Phony wars are nothing new in presidential politics, to be sure, but rarely have they been this dimwitted, dishonest, debasing, or, when it comes to what the months between now and November hold in store, so utterly depressing. And yet as dismaying as last week was, it was also revealing of the terrain and tactics that will define the general election—with Chicago relentlessly touting economic fairness and seeking to exacerbate Romney’s weaknesses with key constituencies such as women, and with Boston talking economic opportunity and scrambling to rehab its man’s battered image with those same groups. The Democratic side is the favorite in this fight, no doubt. But there are signs amid the skirmishing that the Republican team can’t be counted out just yet.

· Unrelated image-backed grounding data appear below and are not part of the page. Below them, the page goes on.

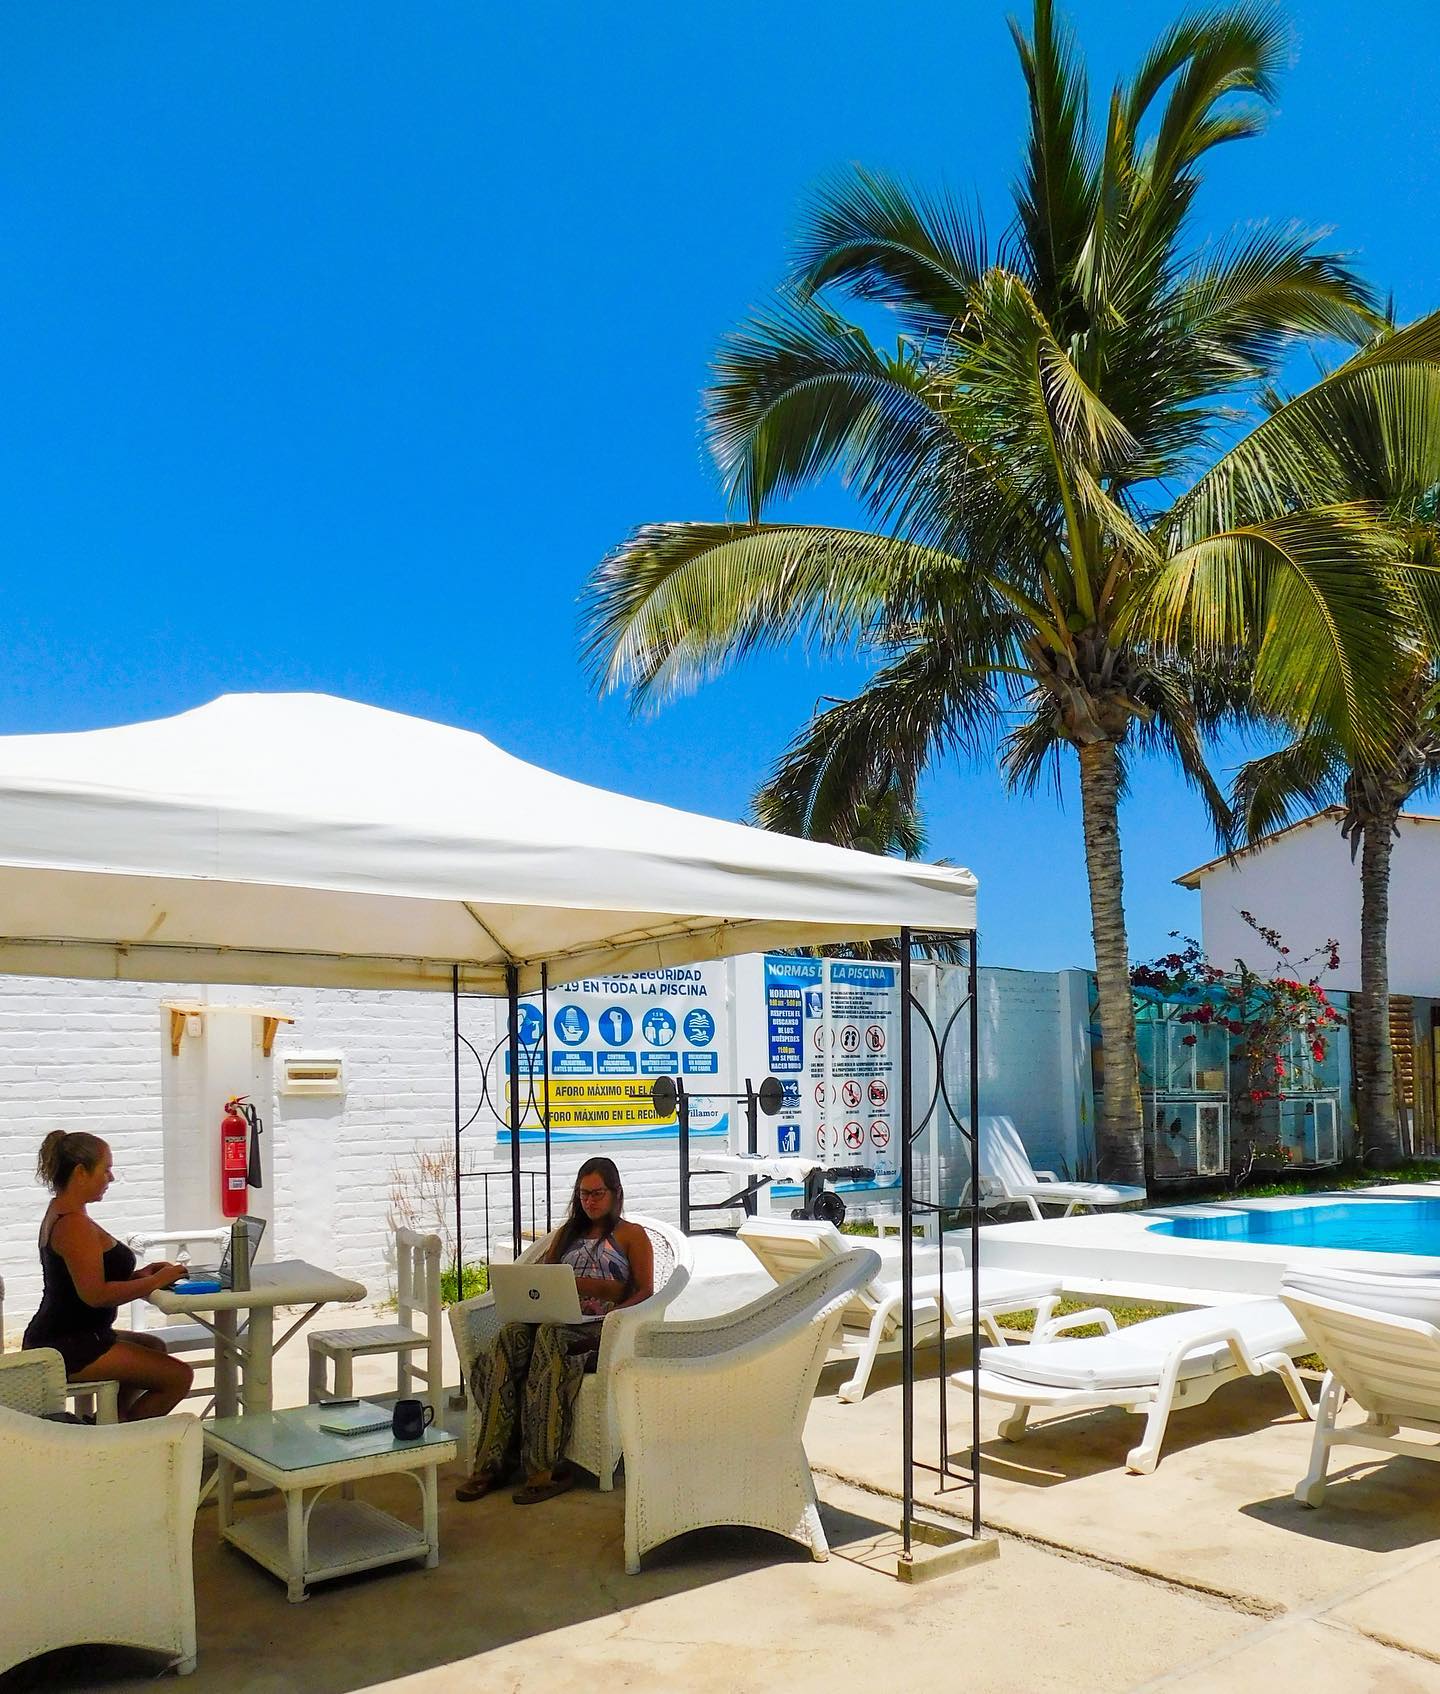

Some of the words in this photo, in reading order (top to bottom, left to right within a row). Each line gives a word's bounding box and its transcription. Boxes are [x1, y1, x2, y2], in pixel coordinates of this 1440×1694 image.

[768, 964, 816, 978] NORMAS
[833, 966, 847, 979] LA
[848, 969, 886, 981] PISCINA
[583, 981, 600, 993] EN
[602, 982, 638, 995] TODA
[641, 984, 657, 996] LA
[659, 983, 708, 997] PISCINA
[769, 988, 801, 999] HORARIO
[555, 1086, 584, 1097] AFORO
[587, 1083, 621, 1096] MÁXIMO
[624, 1085, 636, 1096] EN
[638, 1085, 648, 1096] EL
[574, 1108, 608, 1121] MÁXIMO
[611, 1110, 622, 1120] EN
[624, 1109, 635, 1119] EL

Let’s start with the scrap over the Buffett Rule, and tax policy more broadly. On the former, Obama has proposed (in a bill that the Senate will take up this week but is almost certain not to pass) that incomes over $1 million be taxed at an effective rate of 30 percent. On the latter, he pledges to allow the Bush tax cuts for families making more than $250,000 to expire at the end of the year. These are the plans that Romney and his allies characterize as class warfare—plans motivated by “the president’s priority of income redistribution,” as Karl Rove put it, and “designed to be punitive” to the successful, as top Romney surrogate John Sununu chimed in.

On the merits, of course, the claims are ludicrous to the point of being laughable. It’s often (and rightly) pointed out that, with respect to the Bush tax cuts, what the Obamans want is a return to the Clinton-era tax rates—but only for the top 2 percent of filers. The Buffett Rule would affect even fewer people: the 0.08 percent of taxpayers, according to calculations by Citizens for Tax Justice, who earn most of their income through capital gains. And, though raising the tax rate on those gains to 30 percent would be a doubling of the rate that currently obtains, it would still be 5 percent lower than it was after the 1986 tax reform ushered in by (and venerated by conservative fans of) the sainted Ronald Reagan. Who knew the Gipper was a class warrior too?

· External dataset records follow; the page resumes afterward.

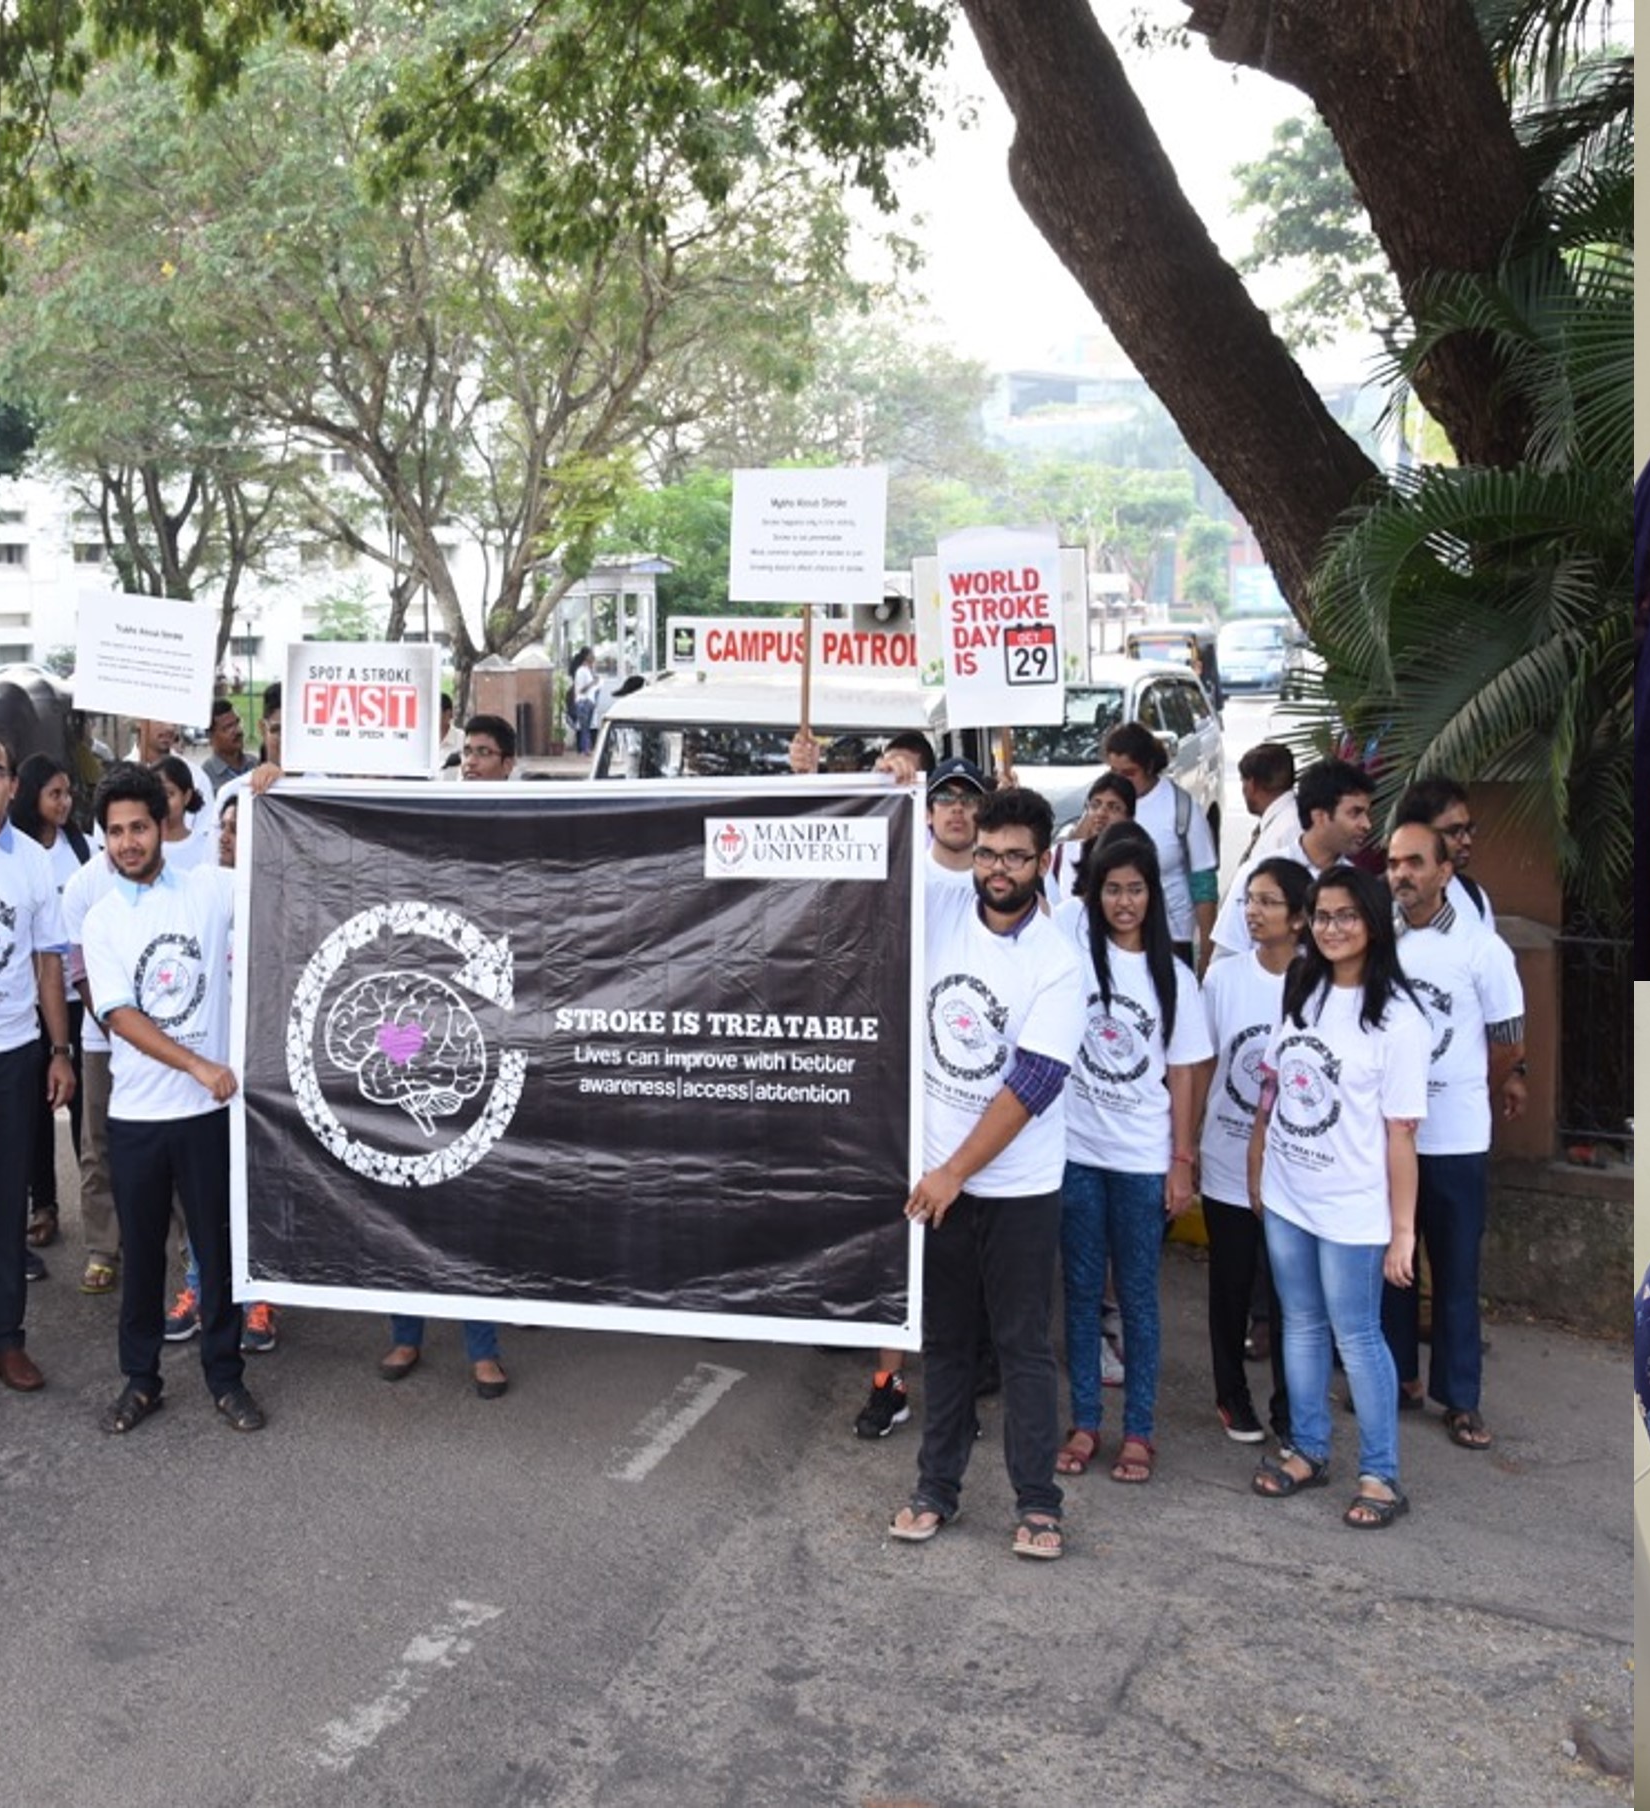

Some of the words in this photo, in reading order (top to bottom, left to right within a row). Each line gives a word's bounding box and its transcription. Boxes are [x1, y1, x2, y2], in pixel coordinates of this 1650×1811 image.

[949, 567, 1040, 596] WORLD
[951, 594, 1050, 624] STROKE
[706, 629, 805, 665] CAMPUS
[823, 631, 918, 667] PATROL
[953, 625, 1001, 650] DAY
[1015, 631, 1041, 645] OCT
[309, 666, 342, 680] SPOT
[347, 667, 357, 680] A
[361, 667, 411, 683] STROKE
[954, 652, 979, 677] IS
[1013, 647, 1048, 678] 29
[306, 686, 416, 728] FAST
[752, 822, 853, 842] MANIPAL
[752, 842, 884, 863] UNIVERSITY
[555, 1008, 666, 1035] STROKE
[672, 1011, 700, 1035] IS
[707, 1014, 879, 1041] TREATABLE
[574, 1045, 622, 1066] Lives
[626, 1050, 660, 1067] can
[664, 1049, 738, 1072] improve
[743, 1052, 787, 1072] with
[791, 1052, 856, 1073] better

In truth, Obama’s tax plans are designed to be punitive only in one sense and toward one person: politically for Romney, whose refusal to release more than one year of his tax returns (despite having handed over 23 years’ worth to John ­McCain as part of his V.P. vetting in 2008) has become a prime target for Chicago. Why? Because the Obamans suspect that Romney’s returns would show that over many years he has engaged in an aggressive strategy of tax avoidance—perhaps perfectly legal but still illustrating his out-of-touchness. As Joe Biden asked a New Hampshire audience at a speech last week, “How many of you all have a Swiss bank account?”

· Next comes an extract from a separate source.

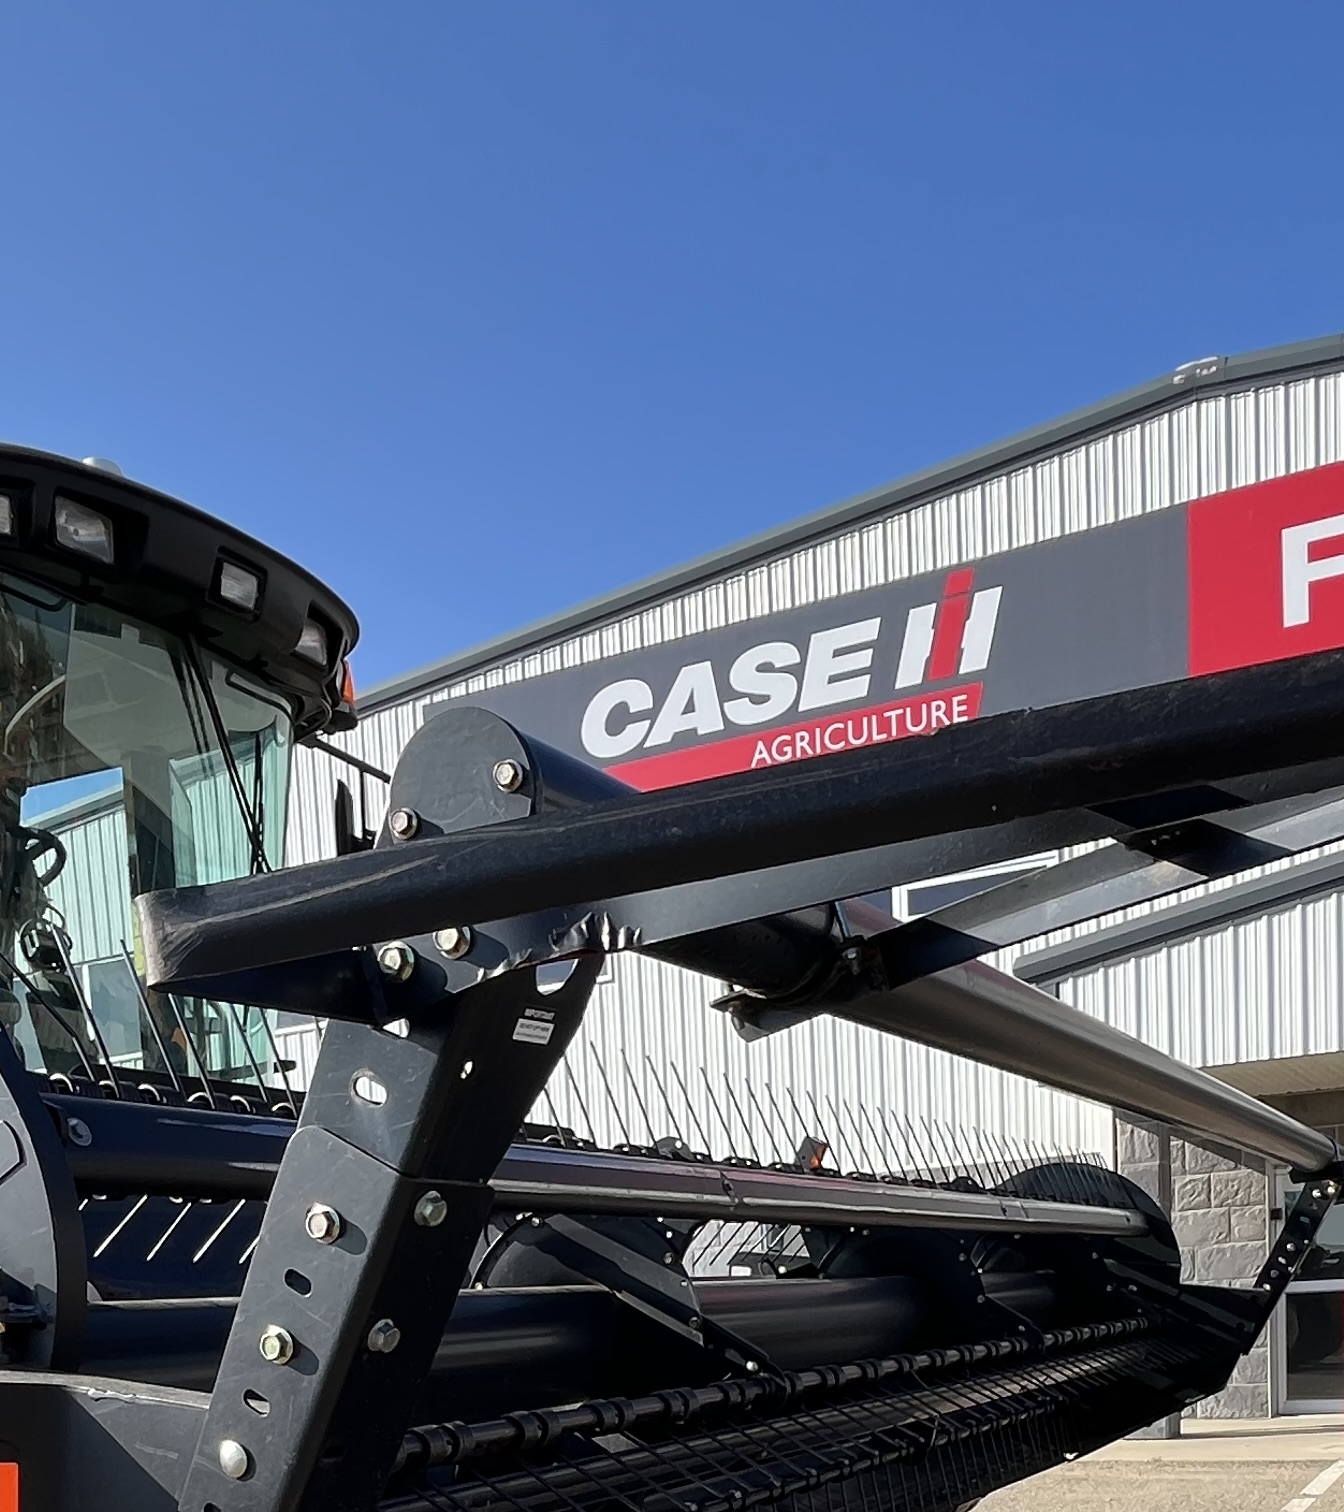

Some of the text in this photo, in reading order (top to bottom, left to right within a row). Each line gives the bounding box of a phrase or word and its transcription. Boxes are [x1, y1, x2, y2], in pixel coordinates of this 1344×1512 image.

[581, 567, 1004, 759] CASE IH
[750, 694, 970, 769] AGRICULTURE

But the politics of Obama’s tax platform and his wider argument in favor of economic fairness aren’t clearly in his favor. According to a recent poll released by centrist Democratic group Third Way, 42 percent of independents and 43 percent identified as “swing independents” (those who remain undecided) agree with the statement, “We need an economy based on fairness, where the rich pay their fair share, corporations play by the rules, and all Americans get a fair shot.” By contrast, 47 and 51 percent of those groups agree with the assertion, “We need an economy based on opportunity, where hard work is rewarded, the government lives within its means, and economic growth is our top priority.” And by wide majorities, both groups say that fixing the budget deficit is more important than reducing income inequality. All of which reaffirms the one soft spot for Obama in other national polls: For all Romney’s troubles, he is running roughly even with the incumbent on the issues of jobs, the economy, and putting the nation’s fiscal house in order.